══ RECORDS FOR PROCESSING
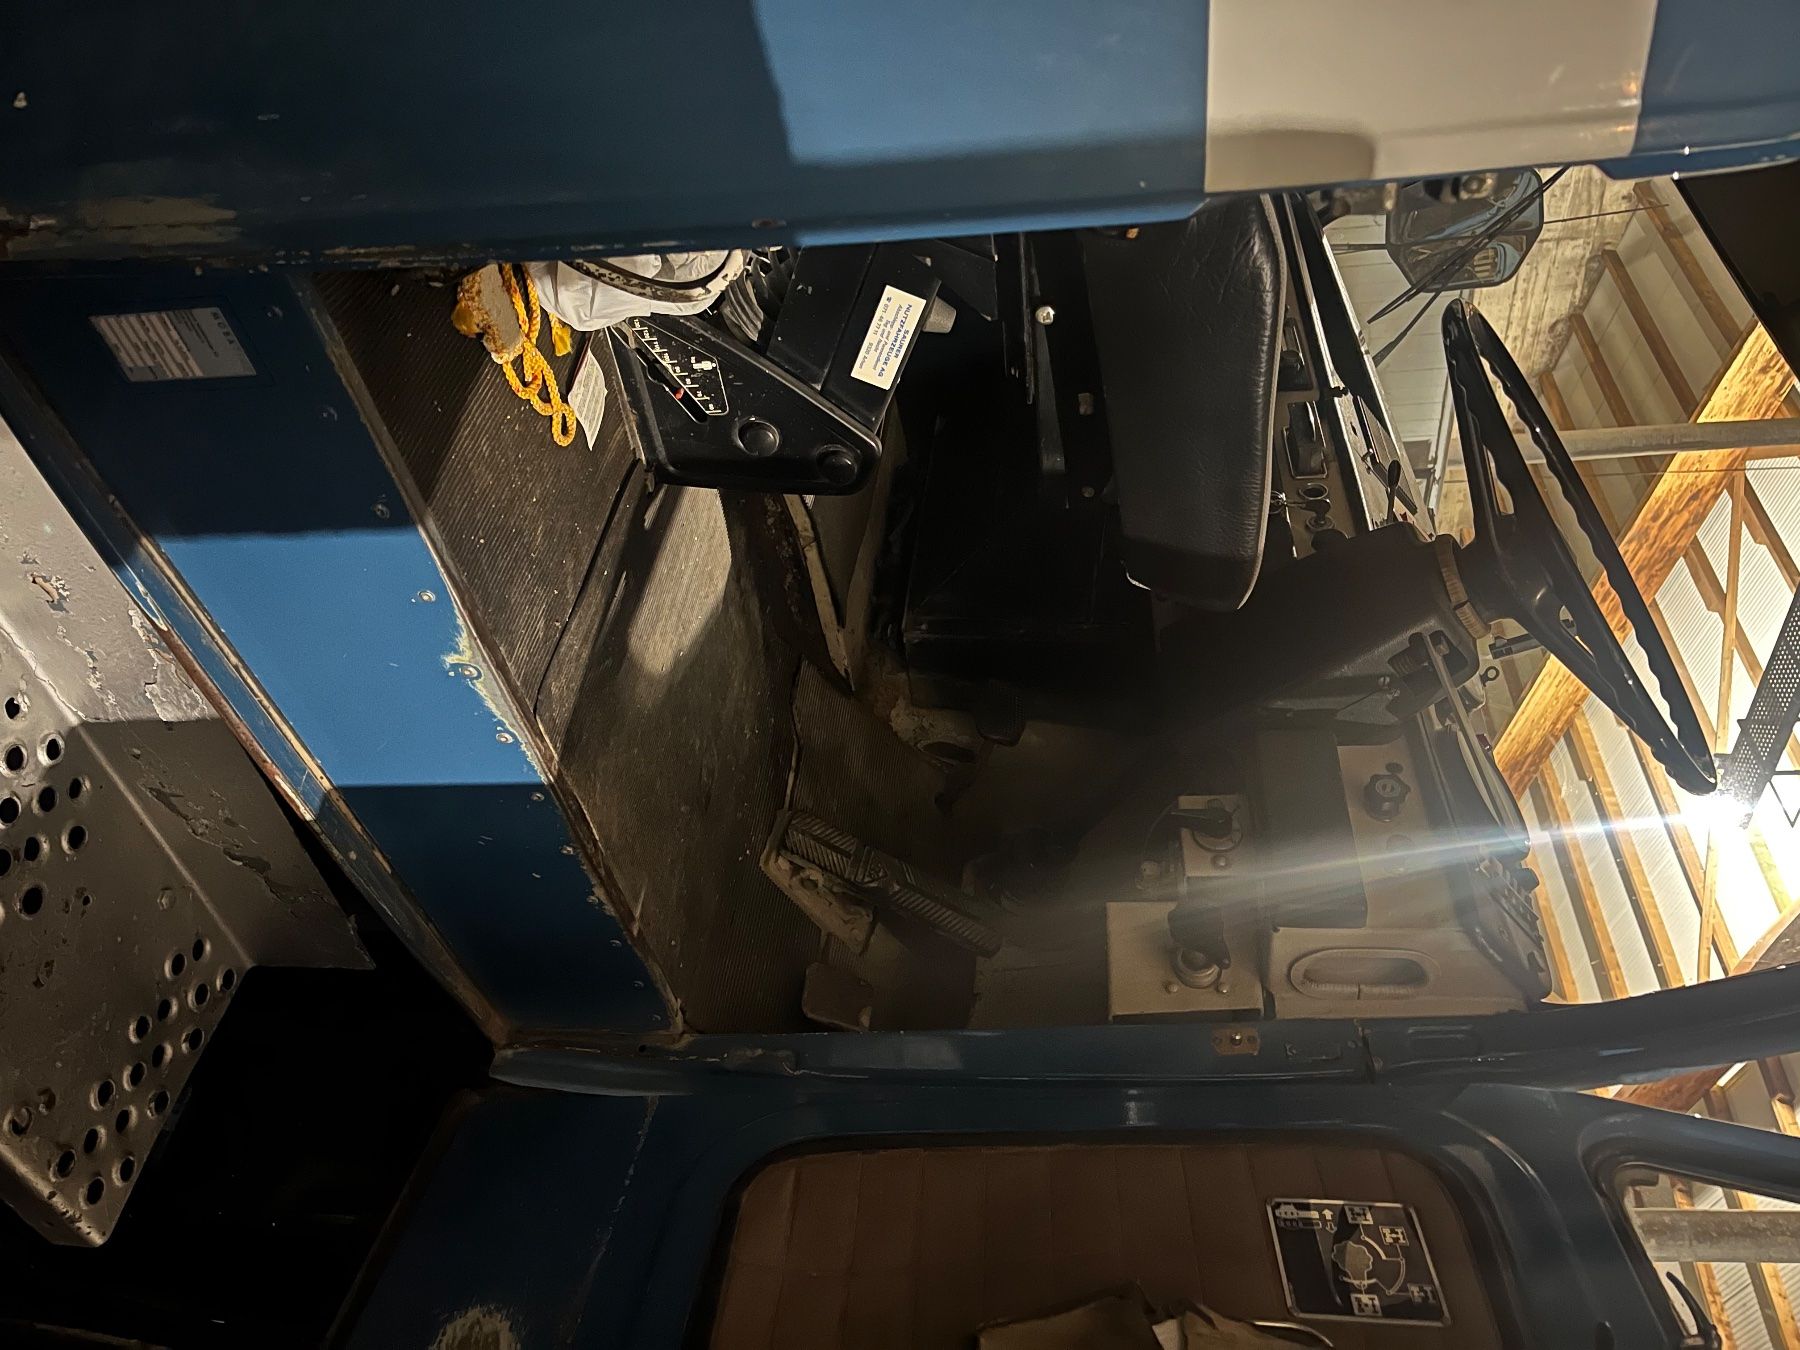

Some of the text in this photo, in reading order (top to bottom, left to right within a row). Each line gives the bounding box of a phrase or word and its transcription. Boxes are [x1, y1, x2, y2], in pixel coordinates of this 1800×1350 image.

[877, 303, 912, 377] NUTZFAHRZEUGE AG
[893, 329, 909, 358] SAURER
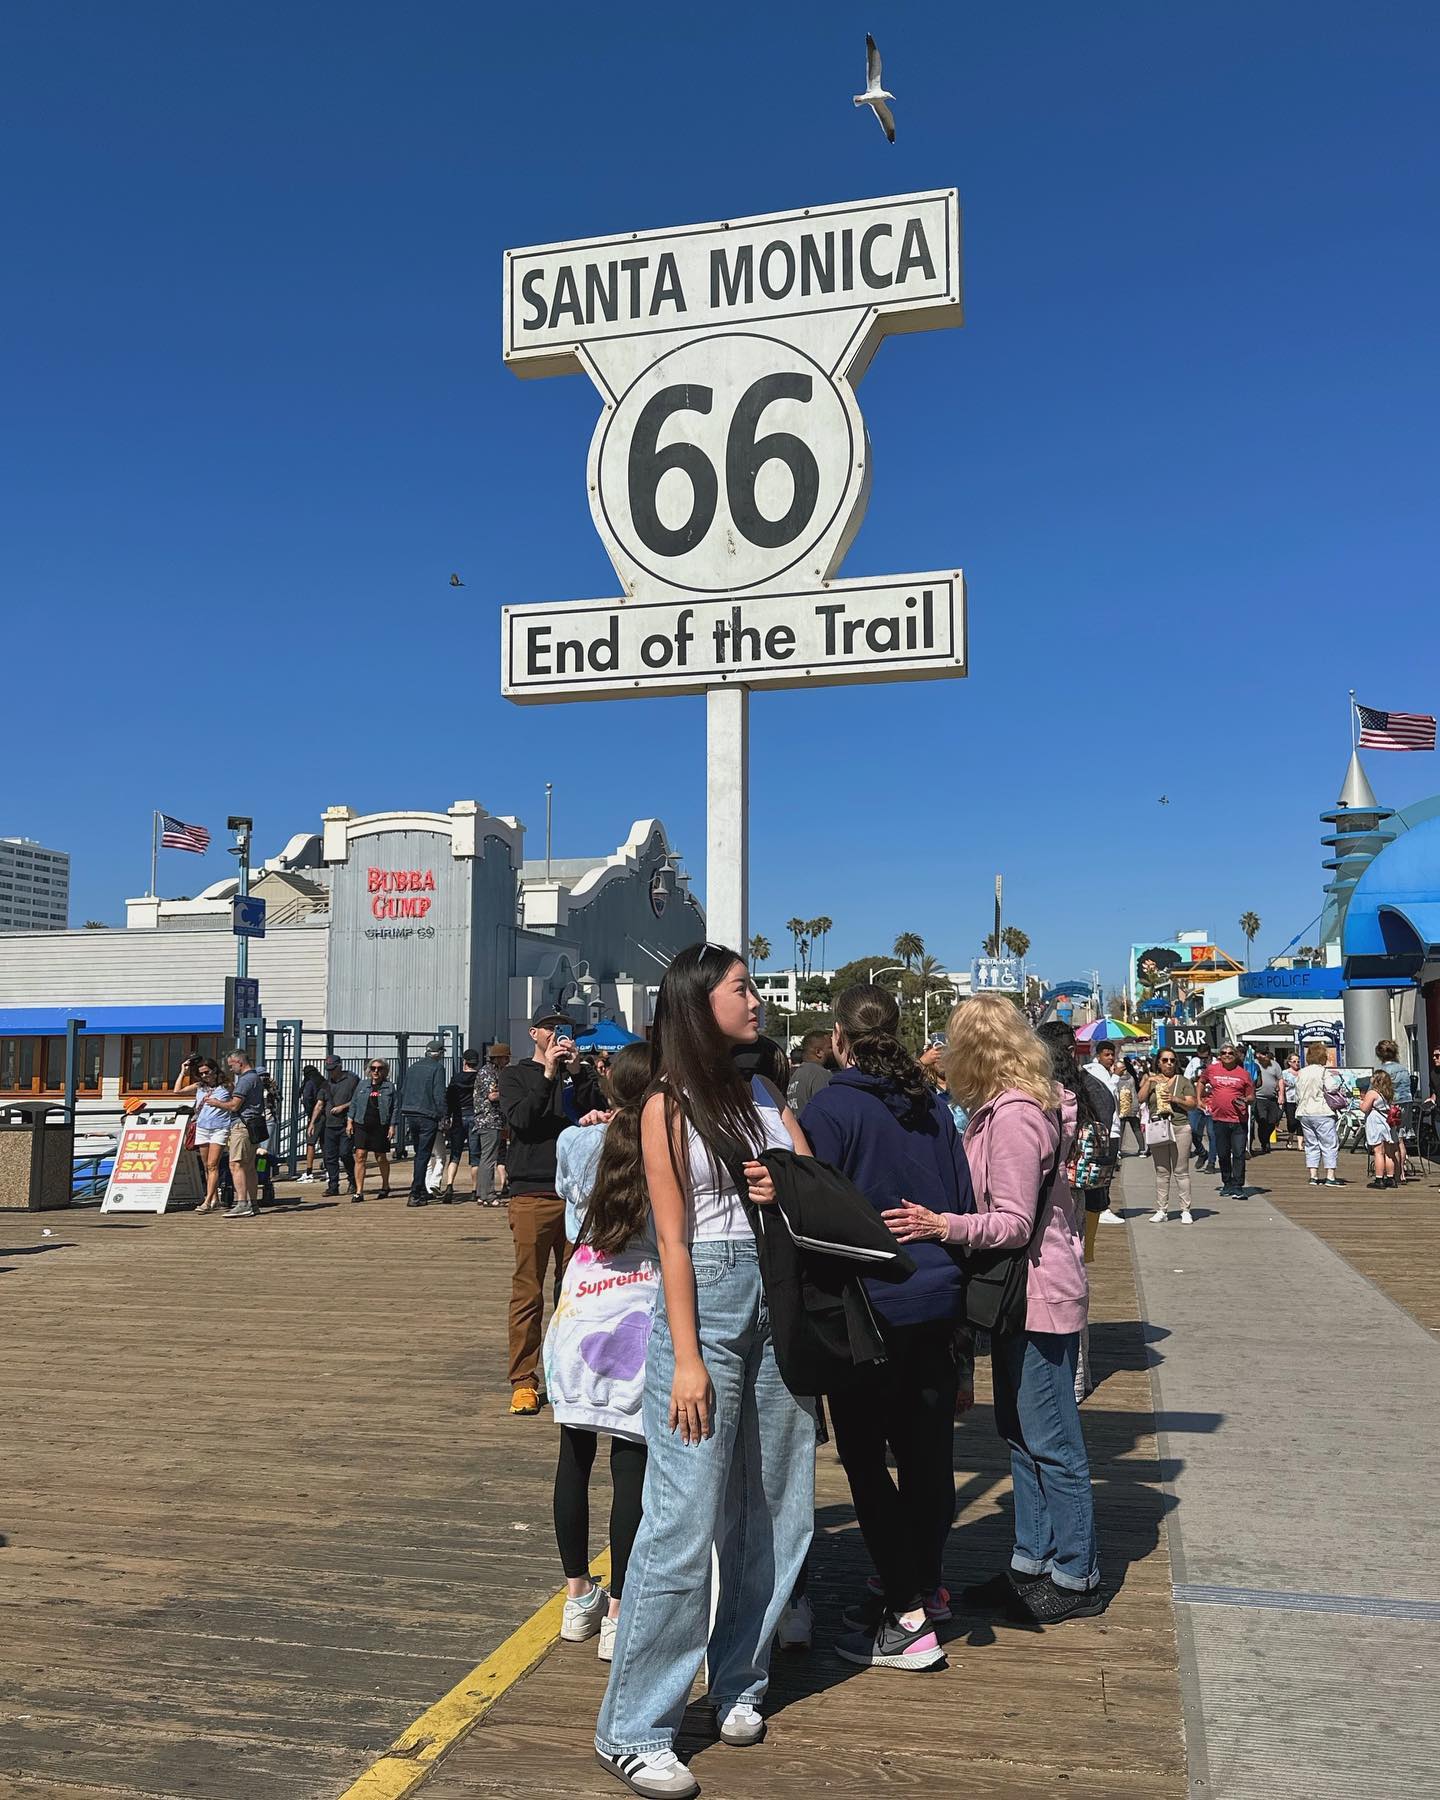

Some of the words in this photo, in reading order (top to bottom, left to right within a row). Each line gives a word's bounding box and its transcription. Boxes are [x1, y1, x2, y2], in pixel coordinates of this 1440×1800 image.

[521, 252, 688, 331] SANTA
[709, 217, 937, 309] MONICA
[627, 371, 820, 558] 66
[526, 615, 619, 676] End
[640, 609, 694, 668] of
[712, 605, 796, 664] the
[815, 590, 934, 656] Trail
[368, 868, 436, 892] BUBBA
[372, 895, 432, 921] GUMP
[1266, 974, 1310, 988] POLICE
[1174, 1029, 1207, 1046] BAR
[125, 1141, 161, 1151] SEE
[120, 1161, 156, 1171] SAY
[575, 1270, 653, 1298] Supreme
════
### EXERCISE GOAL:
Omit every picture, and otherwise quote the entries exactly.

### WRITTEN ANSWER:
Some of the text in this photo, in reading order (top to bottom, left to right within a row). Each line gives the bounding box of a phrase or word and its transcription. Boxes are [x1, y1, x2, y2], in pixel coordinates of this 1800×1350 image.

[877, 303, 912, 377] NUTZFAHRZEUGE AG
[893, 329, 909, 358] SAURER

Some of the words in this photo, in reading order (top to bottom, left to right within a row). Each line gives a word's bounding box and its transcription. Boxes are [x1, y1, x2, y2], in pixel coordinates of this 1440×1800 image.

[521, 252, 688, 331] SANTA
[709, 217, 937, 309] MONICA
[627, 371, 820, 558] 66
[526, 615, 619, 676] End
[640, 609, 694, 668] of
[712, 605, 796, 664] the
[815, 590, 934, 656] Trail
[368, 868, 436, 892] BUBBA
[372, 895, 432, 921] GUMP
[1266, 974, 1310, 988] POLICE
[1174, 1029, 1207, 1046] BAR
[125, 1141, 161, 1151] SEE
[120, 1161, 156, 1171] SAY
[575, 1270, 653, 1298] Supreme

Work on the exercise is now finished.